## The task
Would you repeat the data below exactly, taking out the images?

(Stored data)
• • • • •

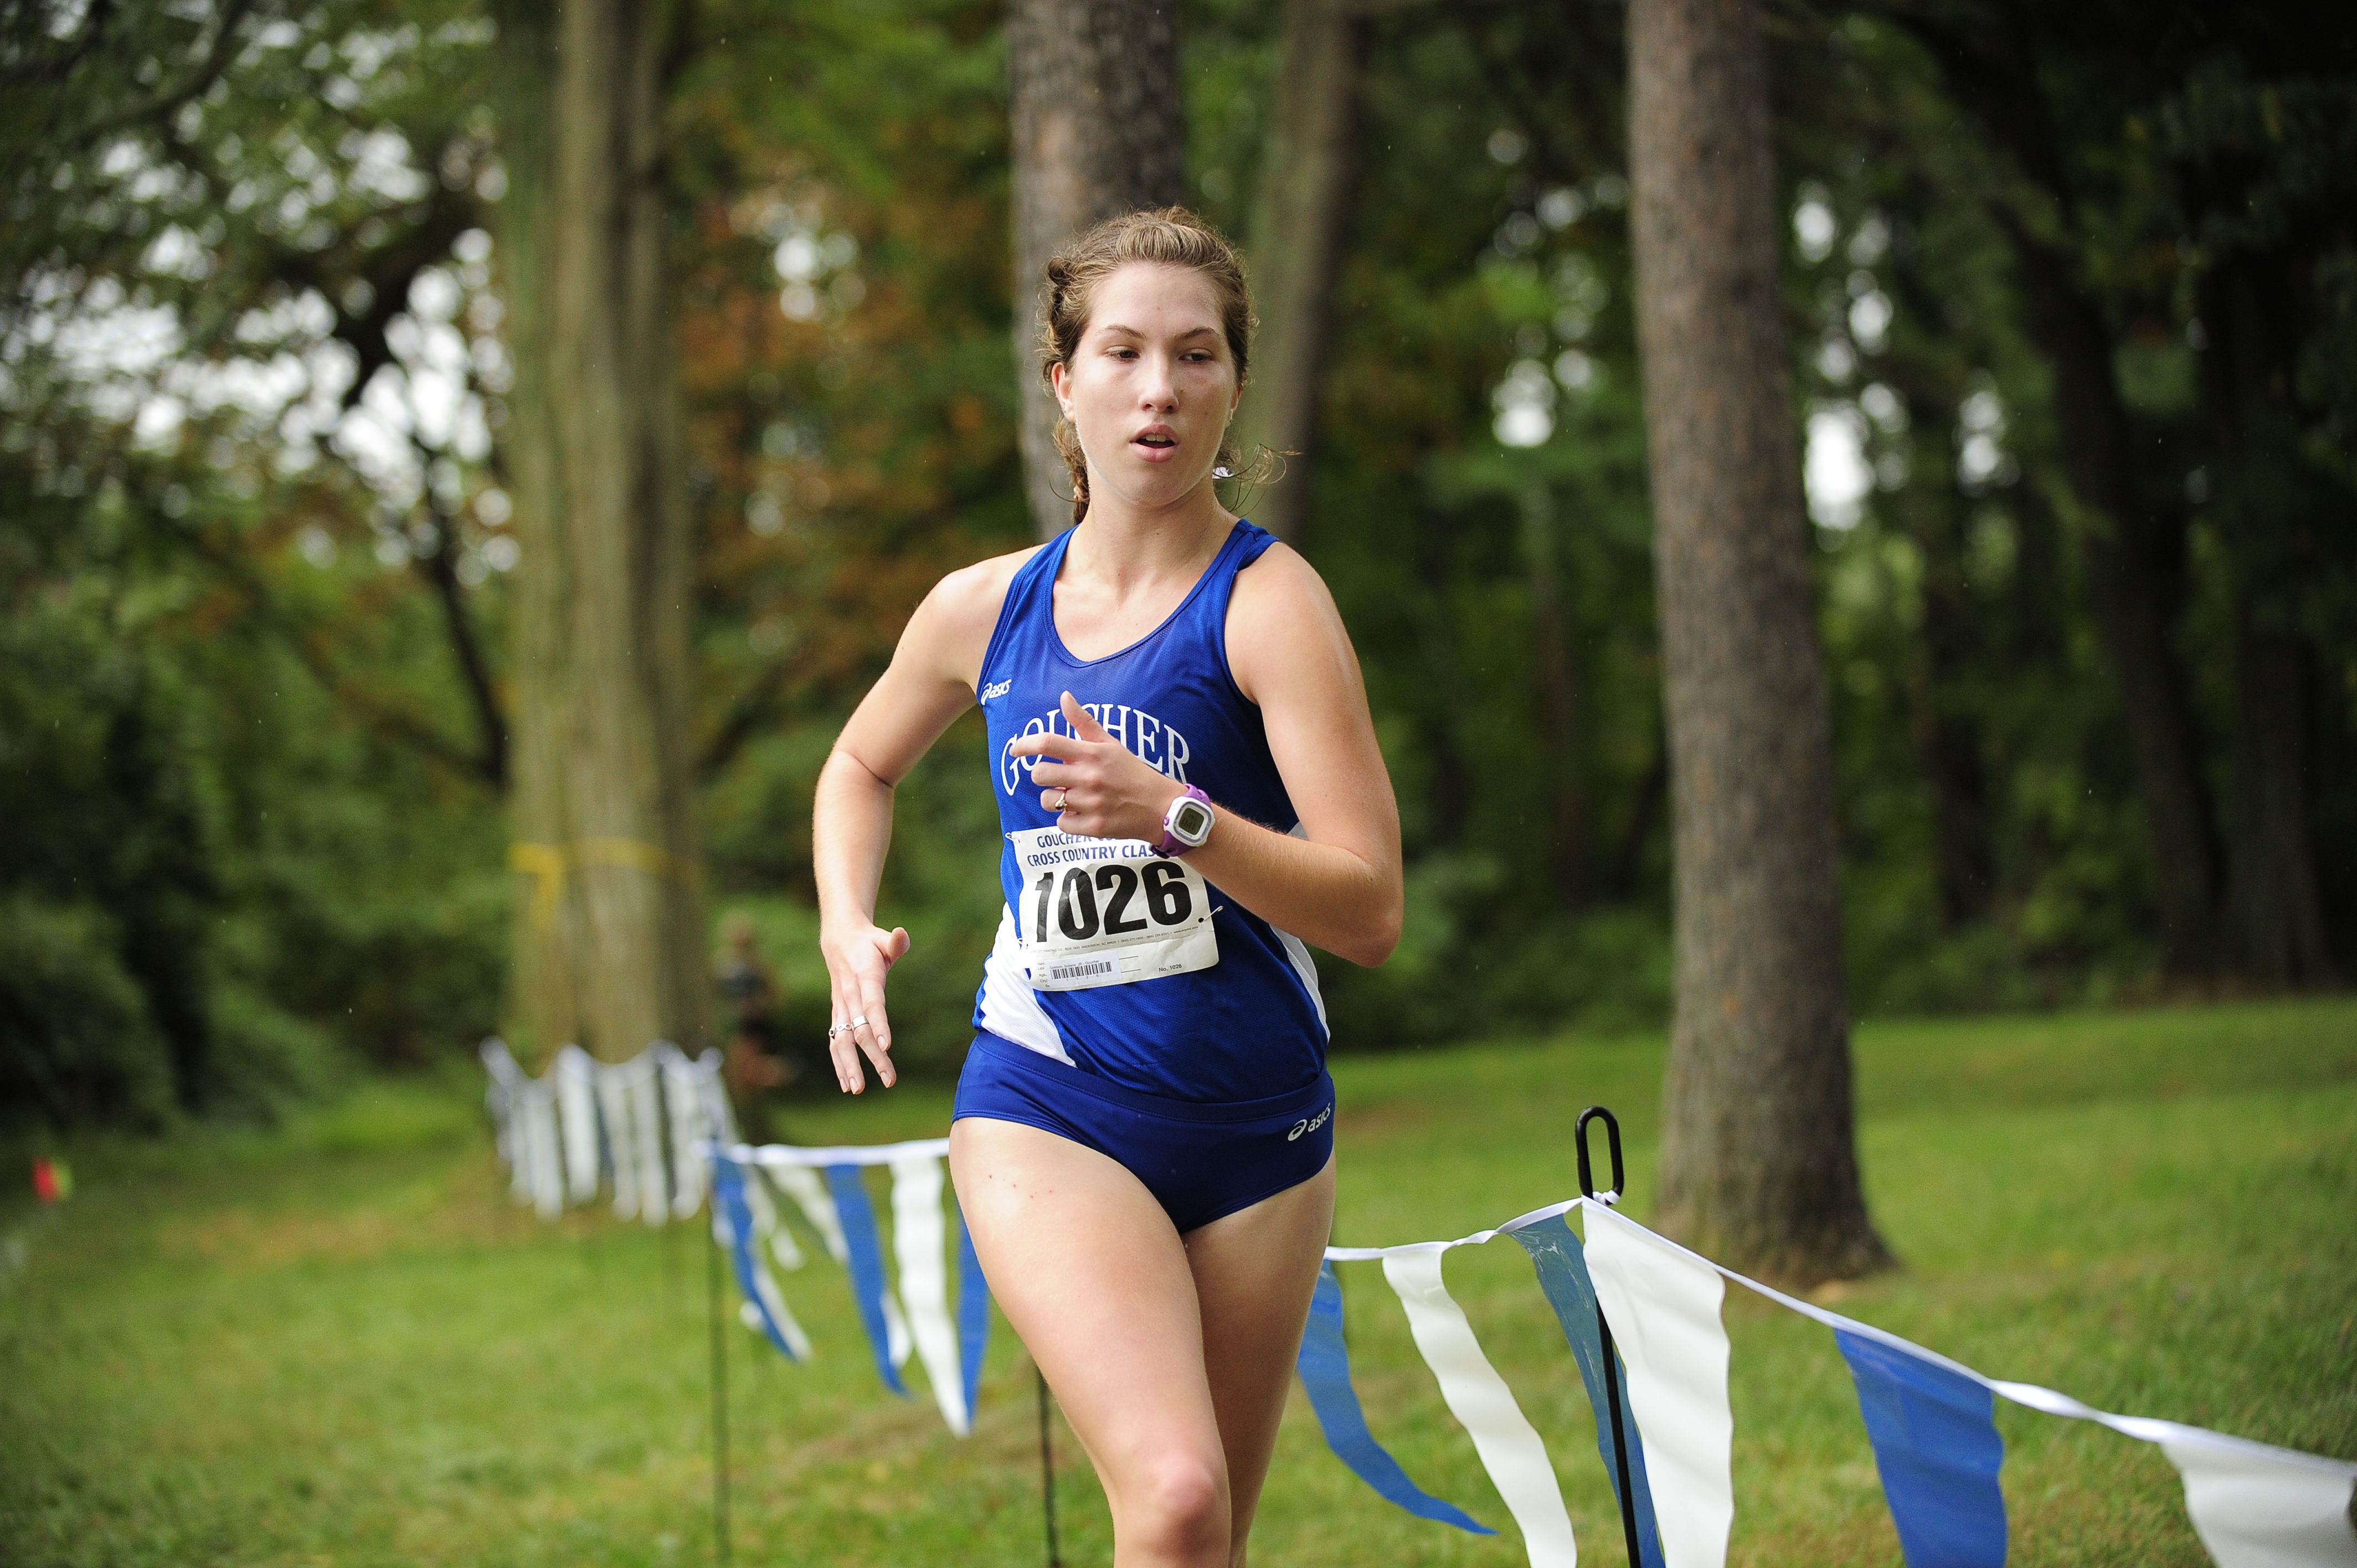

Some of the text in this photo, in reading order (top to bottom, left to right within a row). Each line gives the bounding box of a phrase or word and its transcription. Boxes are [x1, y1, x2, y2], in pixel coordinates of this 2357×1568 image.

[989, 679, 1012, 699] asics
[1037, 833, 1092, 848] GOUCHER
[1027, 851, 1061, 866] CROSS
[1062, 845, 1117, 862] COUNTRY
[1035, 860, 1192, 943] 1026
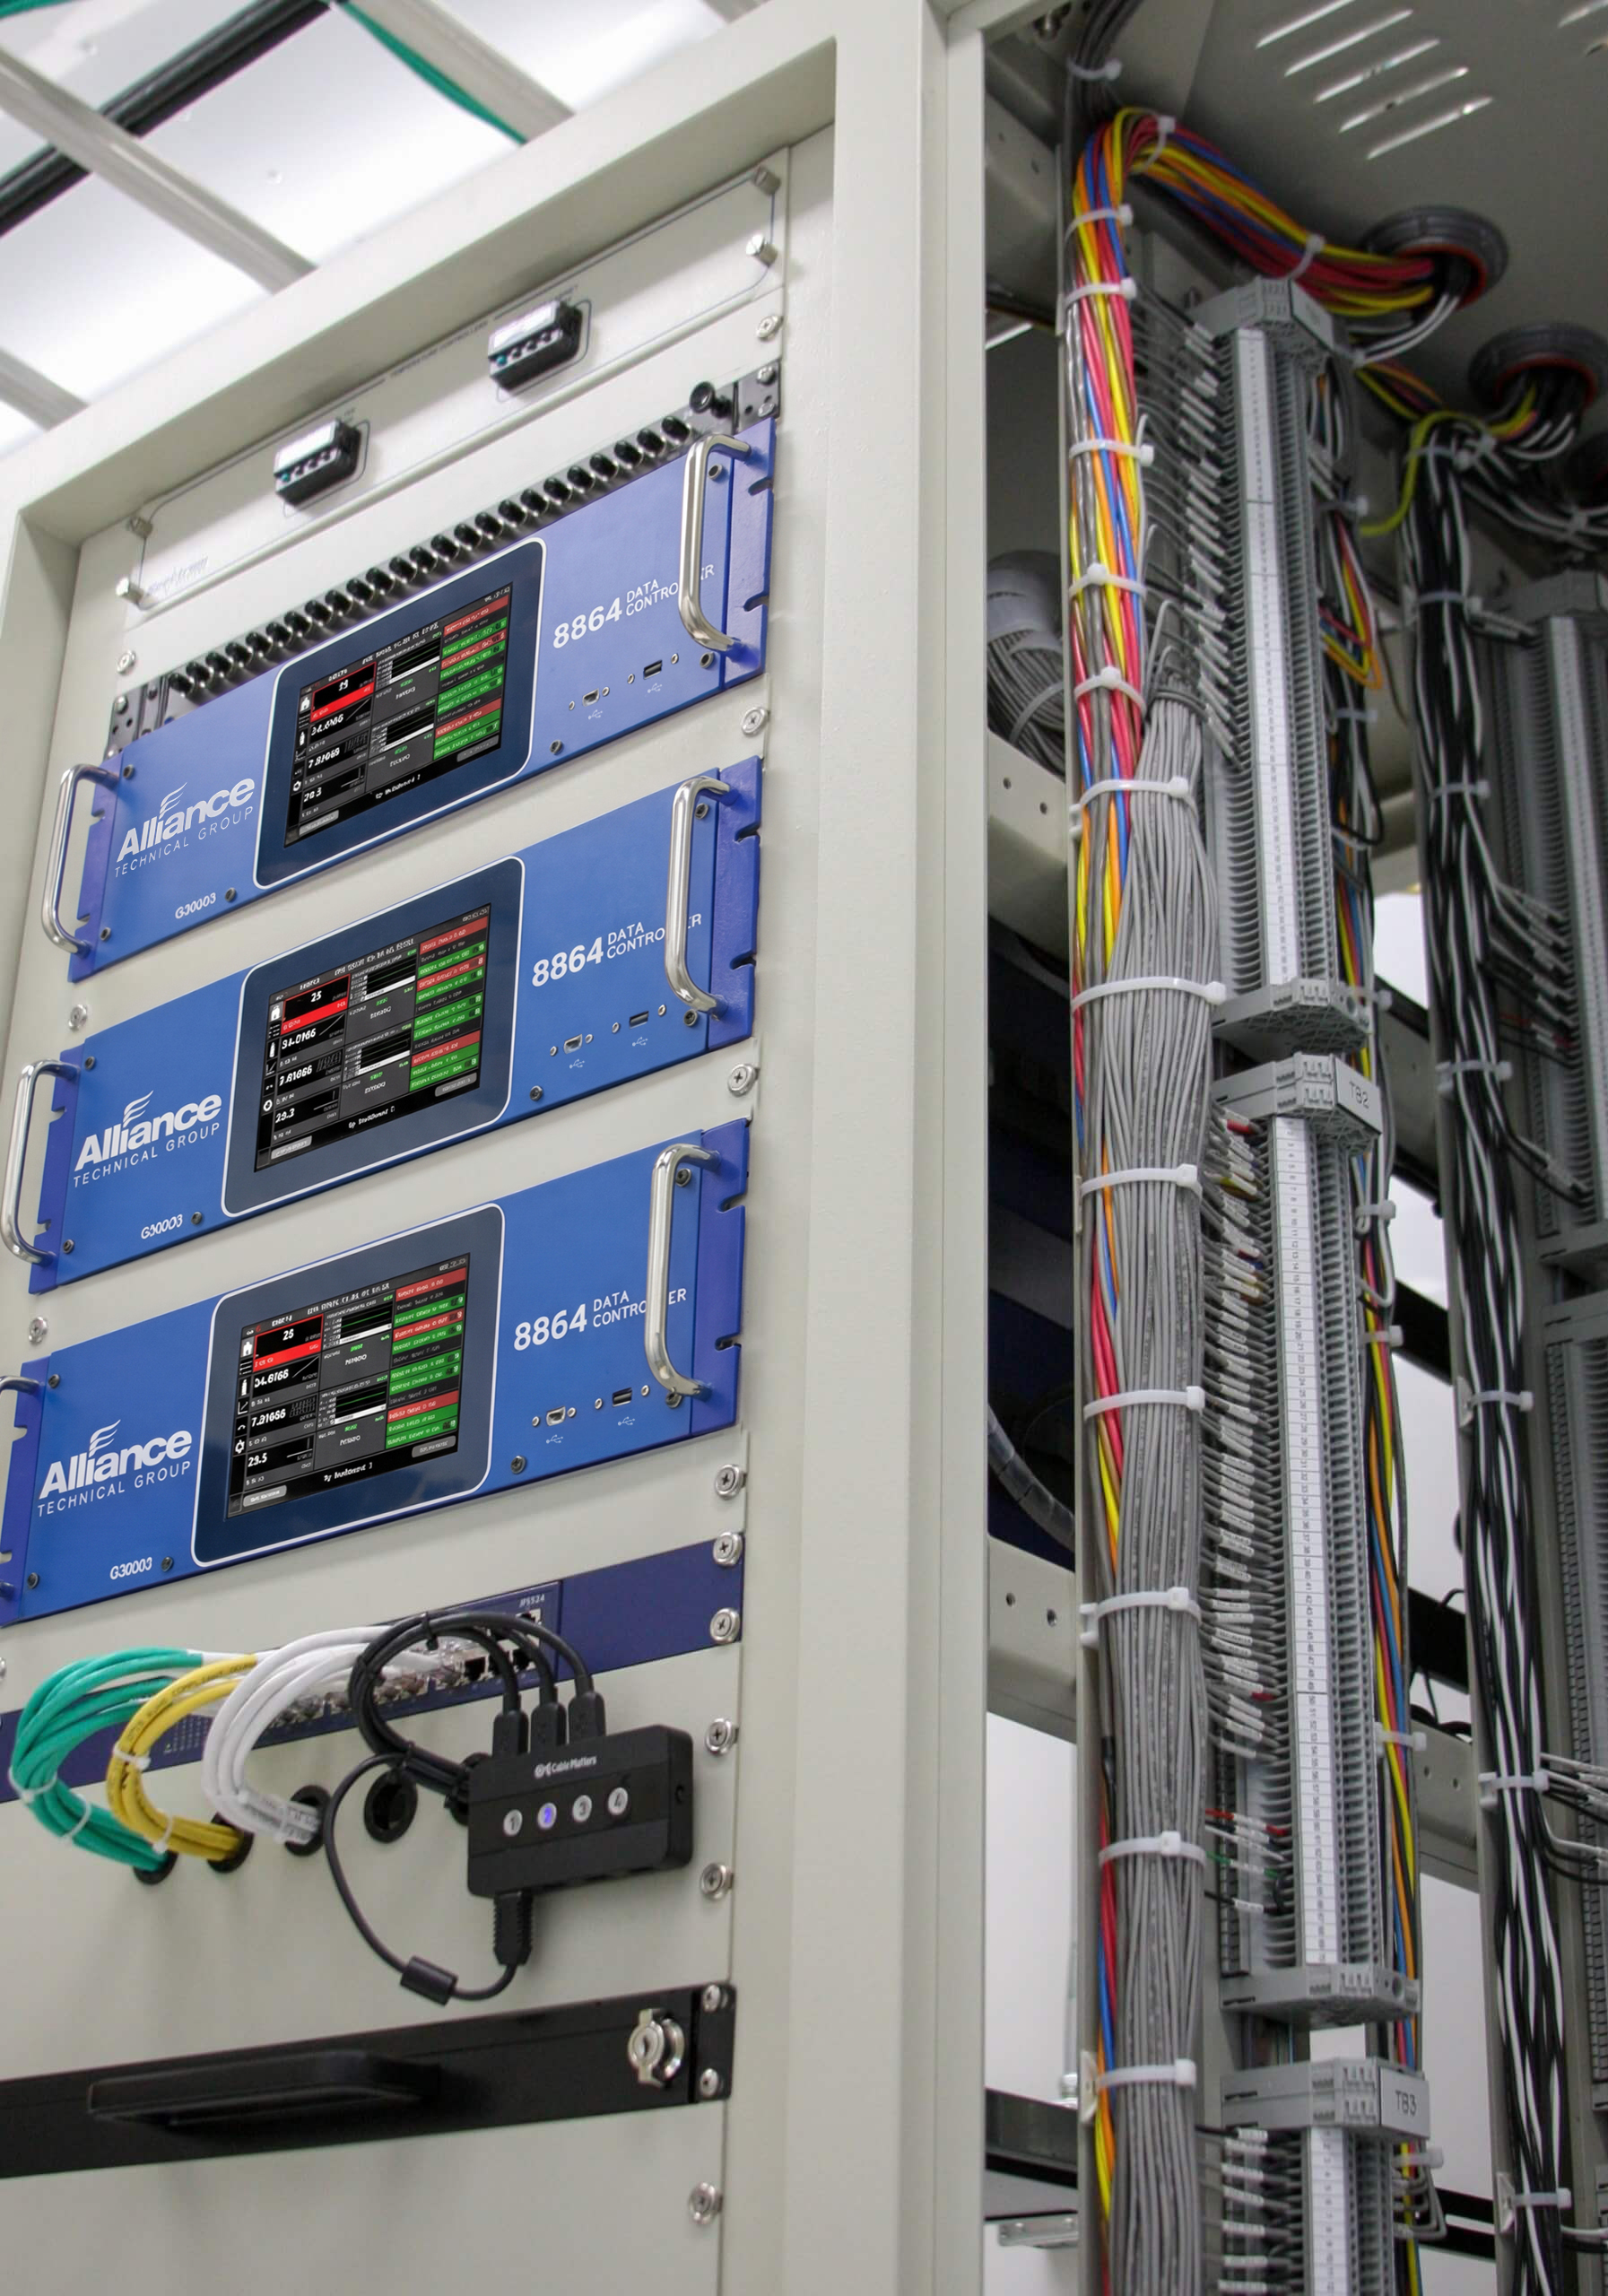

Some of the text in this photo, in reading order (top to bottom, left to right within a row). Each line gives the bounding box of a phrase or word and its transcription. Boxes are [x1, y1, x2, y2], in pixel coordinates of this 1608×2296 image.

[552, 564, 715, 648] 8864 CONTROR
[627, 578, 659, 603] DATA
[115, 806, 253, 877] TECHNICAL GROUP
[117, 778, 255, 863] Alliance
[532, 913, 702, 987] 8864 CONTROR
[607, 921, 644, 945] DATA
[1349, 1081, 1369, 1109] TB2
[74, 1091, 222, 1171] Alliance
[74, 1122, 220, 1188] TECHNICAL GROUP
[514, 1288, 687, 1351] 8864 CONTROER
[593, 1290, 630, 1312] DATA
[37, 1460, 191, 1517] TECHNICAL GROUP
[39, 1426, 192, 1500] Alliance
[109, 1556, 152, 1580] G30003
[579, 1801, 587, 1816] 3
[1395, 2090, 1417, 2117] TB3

• • • • •

## Expected answer
Some of the text in this photo, in reading order (top to bottom, left to right within a row). Each line gives the bounding box of a phrase or word and its transcription. Boxes are [x1, y1, x2, y2], in pixel coordinates of this 2357×1568 image.

[989, 679, 1012, 699] asics
[1037, 833, 1092, 848] GOUCHER
[1027, 851, 1061, 866] CROSS
[1062, 845, 1117, 862] COUNTRY
[1035, 860, 1192, 943] 1026

Some of the text in this photo, in reading order (top to bottom, left to right within a row). Each line gives the bounding box of a phrase or word and its transcription. Boxes are [x1, y1, x2, y2], in pixel coordinates of this 1608×2296 image.

[552, 564, 715, 648] 8864 CONTROR
[627, 578, 659, 603] DATA
[115, 806, 253, 877] TECHNICAL GROUP
[117, 778, 255, 863] Alliance
[532, 913, 702, 987] 8864 CONTROR
[607, 921, 644, 945] DATA
[1349, 1081, 1369, 1109] TB2
[74, 1091, 222, 1171] Alliance
[74, 1122, 220, 1188] TECHNICAL GROUP
[514, 1288, 687, 1351] 8864 CONTROER
[593, 1290, 630, 1312] DATA
[37, 1460, 191, 1517] TECHNICAL GROUP
[39, 1426, 192, 1500] Alliance
[109, 1556, 152, 1580] G30003
[579, 1801, 587, 1816] 3
[1395, 2090, 1417, 2117] TB3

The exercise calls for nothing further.